Les Délégations de Service Public : doctrine et cas pratique !

Monsieur le Maire veut transférer la gestion des stationnements payants à un opérateur privé au moyen d’une délégation de service public. Cette décision provoque un véritable tollé dans le patelin. Certains de ses colistiers, membres d’autres formations politiques ont voté contre ou se sont abstenus.

Bref, l’heure est grave mais le processus est activé !

De quoi s’agit-il ?

Les collectivités publiques, bénéficiant de « droits exorbitants de droit commun » pour exercer la puissance publique manquent parfois de temps, de moyens ou de compétences trop pointues pour assumer certaines charges.

Il est alors envisagé de recourir à la délégation de service public (DSP), mécanisme réformé par la loi Sapin n° 93-122 du 29 janvier 1993. En pratique, cette DSP peut s’exercer à travers une Concession, un Fermage, une Régie Intéressée ou au moyen d’une Société d’Économie Mixte (SEM) ou non.

Et c’est là que les ennuis commencent !

Le mode de rémunération est le nœud du problème.

Il est également le sujet de cet article.

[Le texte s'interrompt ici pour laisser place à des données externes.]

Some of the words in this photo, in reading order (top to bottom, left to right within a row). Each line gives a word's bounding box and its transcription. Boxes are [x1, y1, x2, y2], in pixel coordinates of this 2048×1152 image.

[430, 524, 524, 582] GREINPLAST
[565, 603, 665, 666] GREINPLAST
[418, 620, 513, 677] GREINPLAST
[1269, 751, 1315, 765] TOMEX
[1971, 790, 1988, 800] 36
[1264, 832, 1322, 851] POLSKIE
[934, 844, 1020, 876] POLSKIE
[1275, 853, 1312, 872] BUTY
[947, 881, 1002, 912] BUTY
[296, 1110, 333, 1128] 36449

L’esprit de la délégation de Service public :

Idéologiquement, le fait de « déléguer » est parfois analysé comme une « privatisation » au motif qu’il y a renoncement à exercer directement, avec des moyens de services publics, la compétence attribuée à la seule personne publique.

Ce ressenti, ne se vérifie pas dans les procédures mises en place tant pour installer la délégation que pour en surveiller la bonne exécution. La personne publique conserve en effet la « propriété » des biens dont la seule « gestion » est confiée à un autre. A la fin du contrat tout retourne au délégant.

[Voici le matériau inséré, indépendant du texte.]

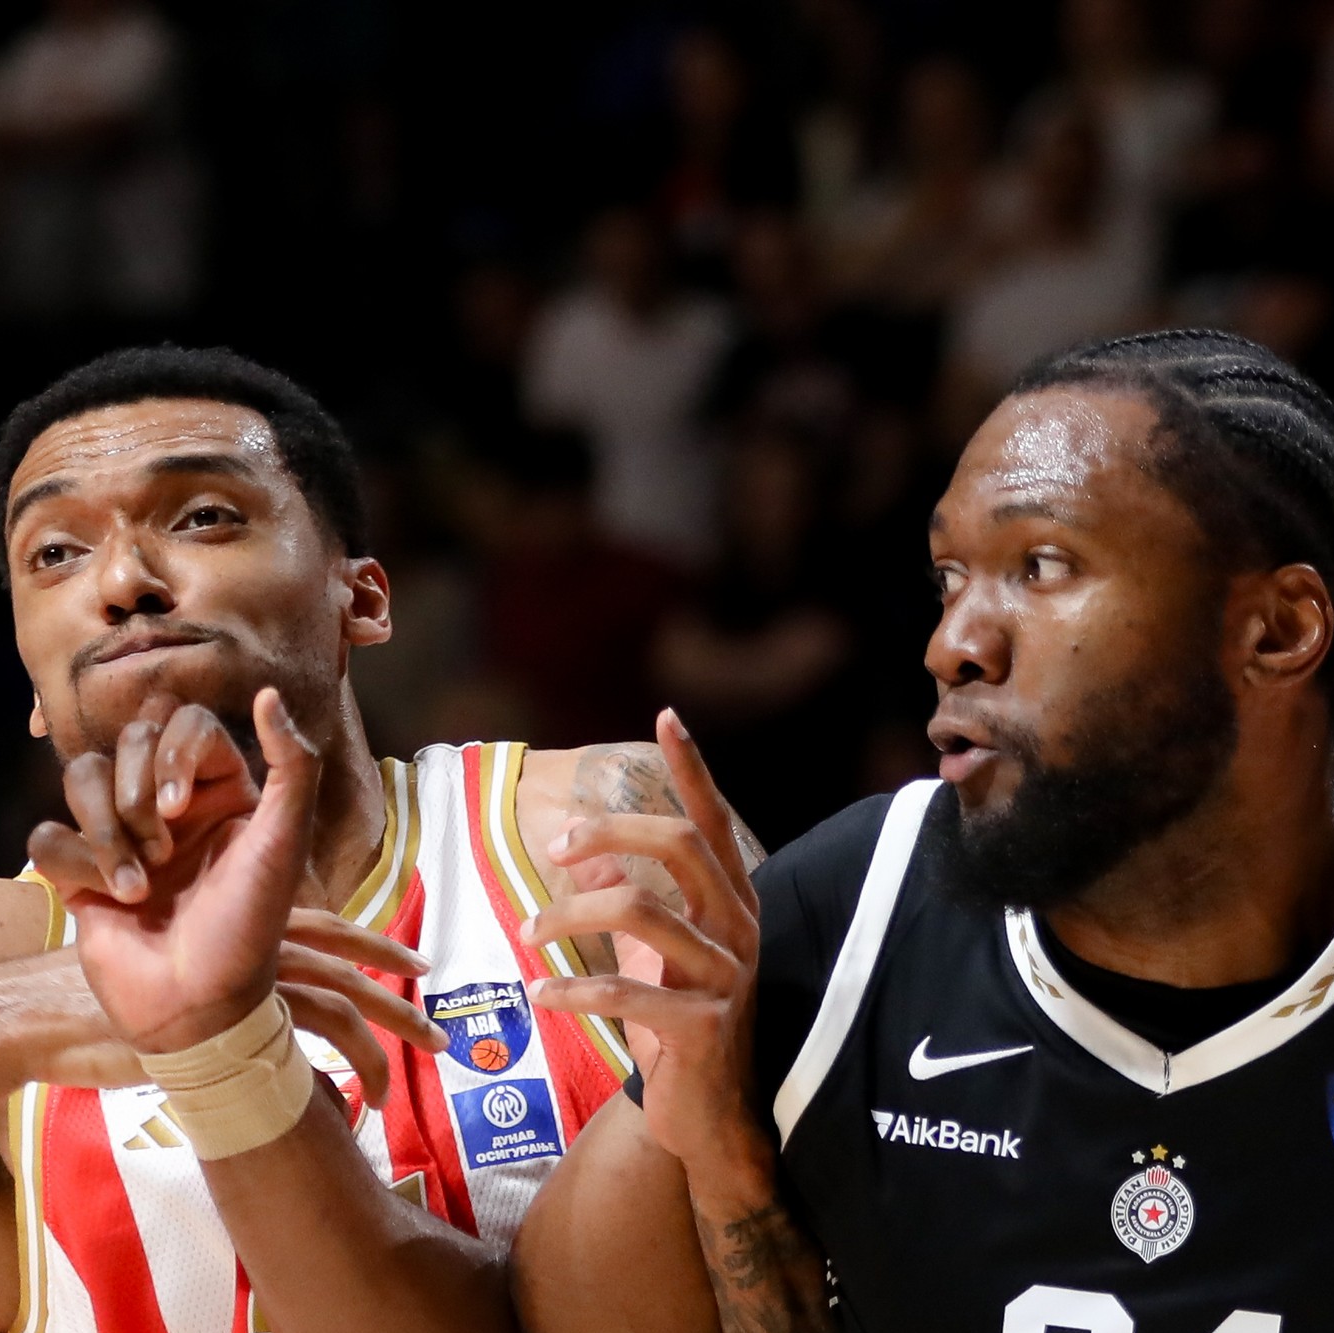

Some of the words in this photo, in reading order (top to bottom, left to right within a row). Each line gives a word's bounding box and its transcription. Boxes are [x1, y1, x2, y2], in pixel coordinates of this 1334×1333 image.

[435, 986, 522, 1011] ADMIRAL
[492, 997, 522, 1010] BET
[466, 1012, 503, 1038] ABA
[492, 1130, 537, 1148] ДУНАВ
[889, 1114, 1022, 1160] AikBank
[475, 1141, 558, 1164] ОСИГУРАЊЕ
[1115, 1180, 1142, 1246] PARTIZAN

Par contre, une hausse quasi systématique des tarifs pour l’usager donne le désagréable sentiment de « captation de richesses » au seul bénéfice du concessionnaire.

Il faut également admettre que les relations entre les personnes publiques et les personnes privées sont difficiles voire biaisées, lorsqu’il s’agit pour l’une de négocier la délégation de la gestion d’un de ses services publics avec l’autre, au motif que le délégant se sent incapable de l’assumer lui-même.

Donc, au temps de la négociation, le délégant a déjà un soucis de compétence pour évaluer les besoins et les moyens nécessaires et suffisants vis à vis de la personne de droit privé, ayant vocation commerciale, recherchant le profit dans son activité, maîtrisant parfaitement son sujet et surtout, disposant d’une comptabilité aux intitulés et objectifs différents de ceux d’une collectivité publique, par exemple.

Cette difficile maîtrise de son « sujet » se retrouvera lors du contrôle annuel de la bonne exécution du contrat de délégation mais aussi lors de sa conclusion, souvent assortie d’une sorte de « clause de récompense pour service rendu » par et pour le délégataire.

Ce regrettable constat, préjudiciable aux collectivités et aux finances de leurs administrés, est abondamment évoqué dans les décisions des tribunaux administratifs et des chambres régionales des comptes.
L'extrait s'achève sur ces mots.